You could be forgiven for reading this and wondering what the problem is. Well, sadly, whilst results for the sciences are looking more positive the results for other science, technology, engineering and maths (STEM) subjects are a little more bleak. Andrew Mabbett’s research found that the pass rates of these subjects for top grades were at their lowest for two years and as a result against international competition we don’t even get to the top 25.
One reason for the current decline could be a shortage of teachers with the “recruitment crisis” having an effect on the majority of subjects. If we focus on the science subjects though the stats make worrying reading with 29 per cent of physics training places not taken up compared to this time last year. This is not the only issue though “the National Foundation for Educational Research (NFER) highlights that the most critical issue is teaching numbers failing to respond to the biggest swell in pupil numbers since the Thatcher era.”

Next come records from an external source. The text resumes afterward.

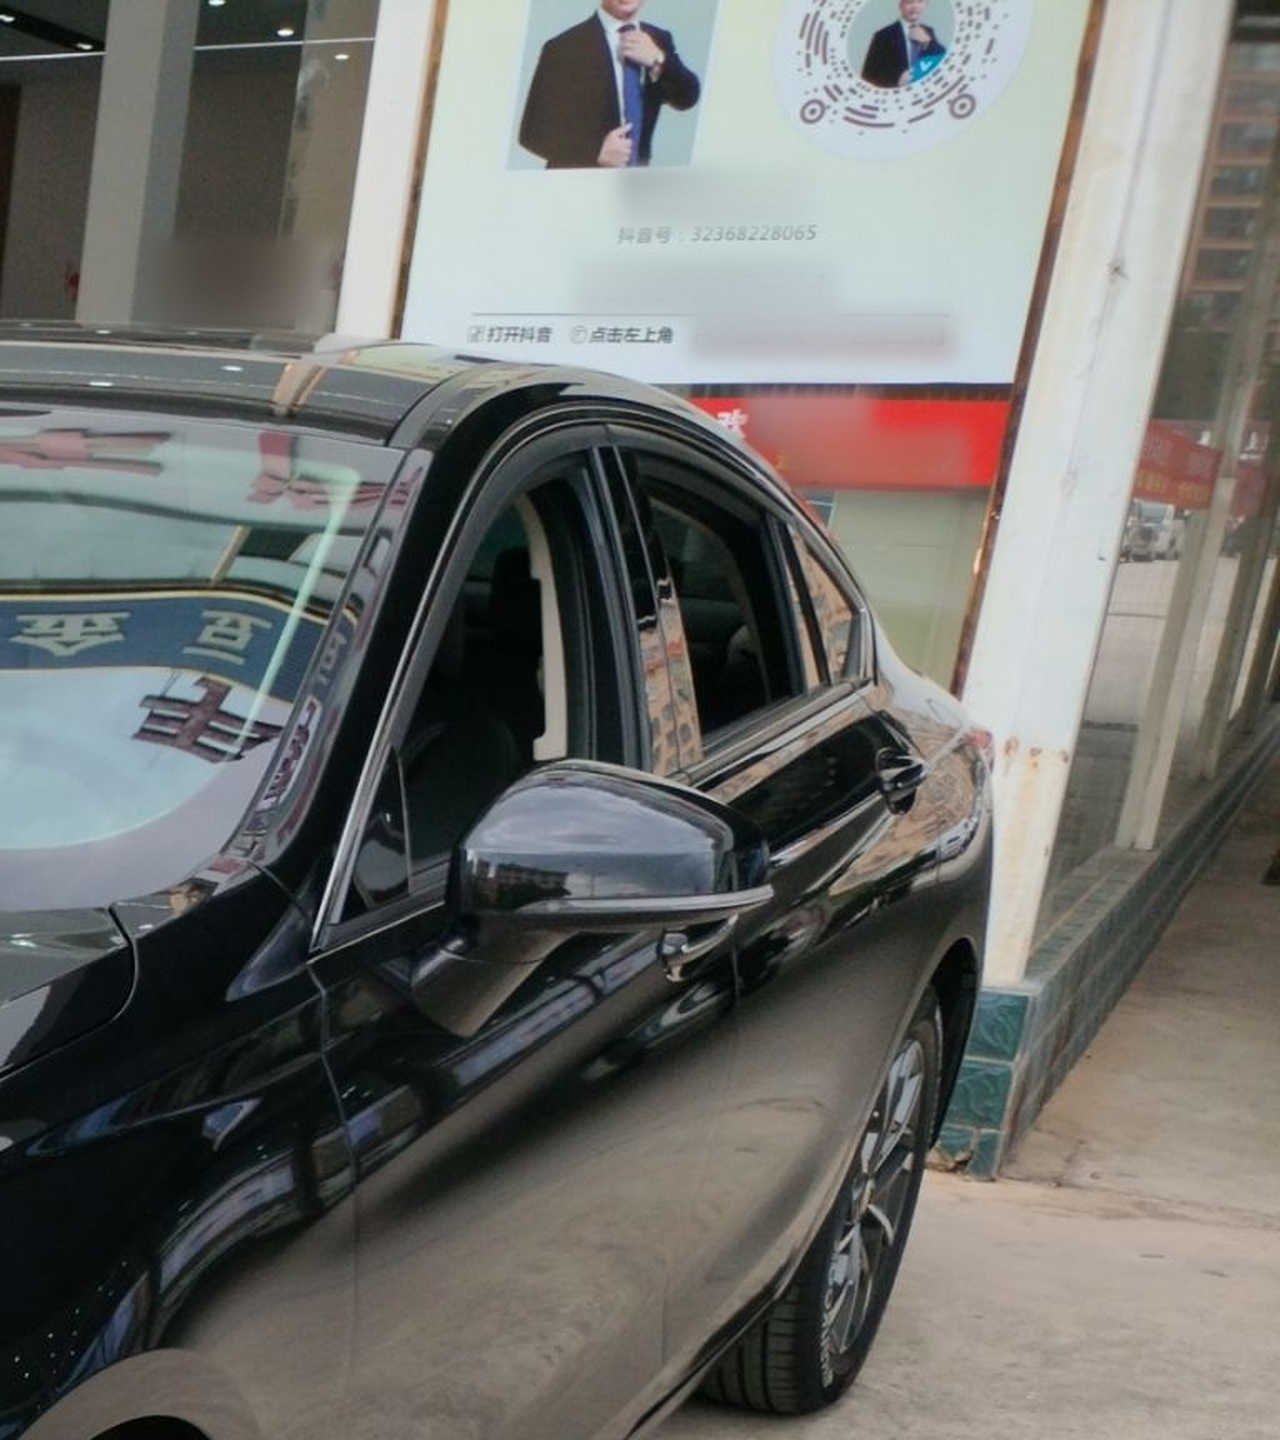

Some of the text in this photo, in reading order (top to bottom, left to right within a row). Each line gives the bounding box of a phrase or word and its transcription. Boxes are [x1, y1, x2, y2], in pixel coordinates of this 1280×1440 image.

[487, 326, 553, 343] 打开抖音
[590, 326, 674, 343] 点击左上角
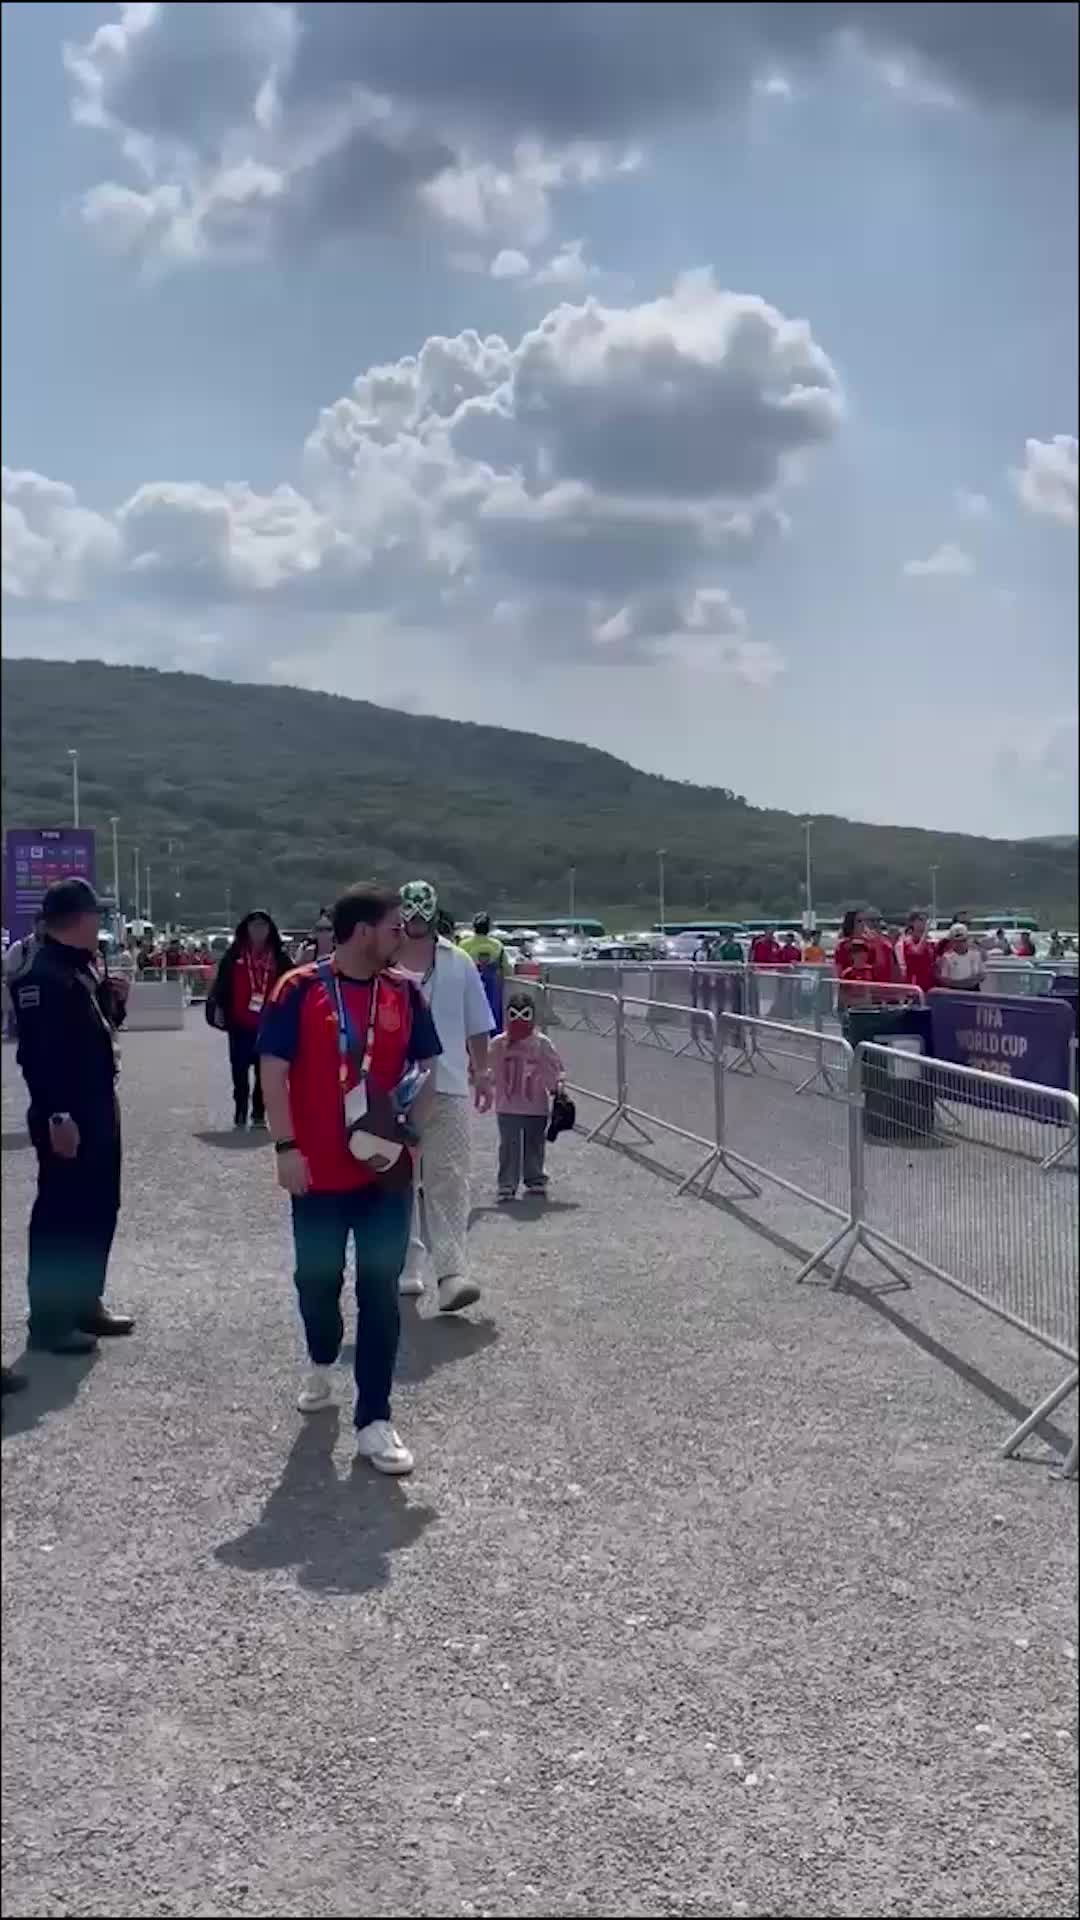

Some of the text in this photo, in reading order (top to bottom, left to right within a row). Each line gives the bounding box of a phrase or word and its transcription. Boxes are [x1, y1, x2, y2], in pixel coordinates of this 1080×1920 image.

[976, 1007, 1003, 1029] FIFA
[955, 1030, 1028, 1058] WORLD CUP

What does this mean for us?
The stakes are high for Britain as it is set to become independent and therefore will rely on strong labour to be self-sufficient.
As a supplier of science equipment, we at Philip Harris, understand the value of STEM and have worked on products to make the practical application of subjects like maths more relatable. For example our Going Bowling kit takes this well-loved pastime and explores the science behind the game in a fun and engaging way.
So what does the future hold? Mabbett sums up by saying Justine Greening needs to prioritise the success of STEM and ensure the effective use of resources available. “In a world that is dependent on technology and data, we could easily fall behind if we fail to inspire pupils into STEM careers.”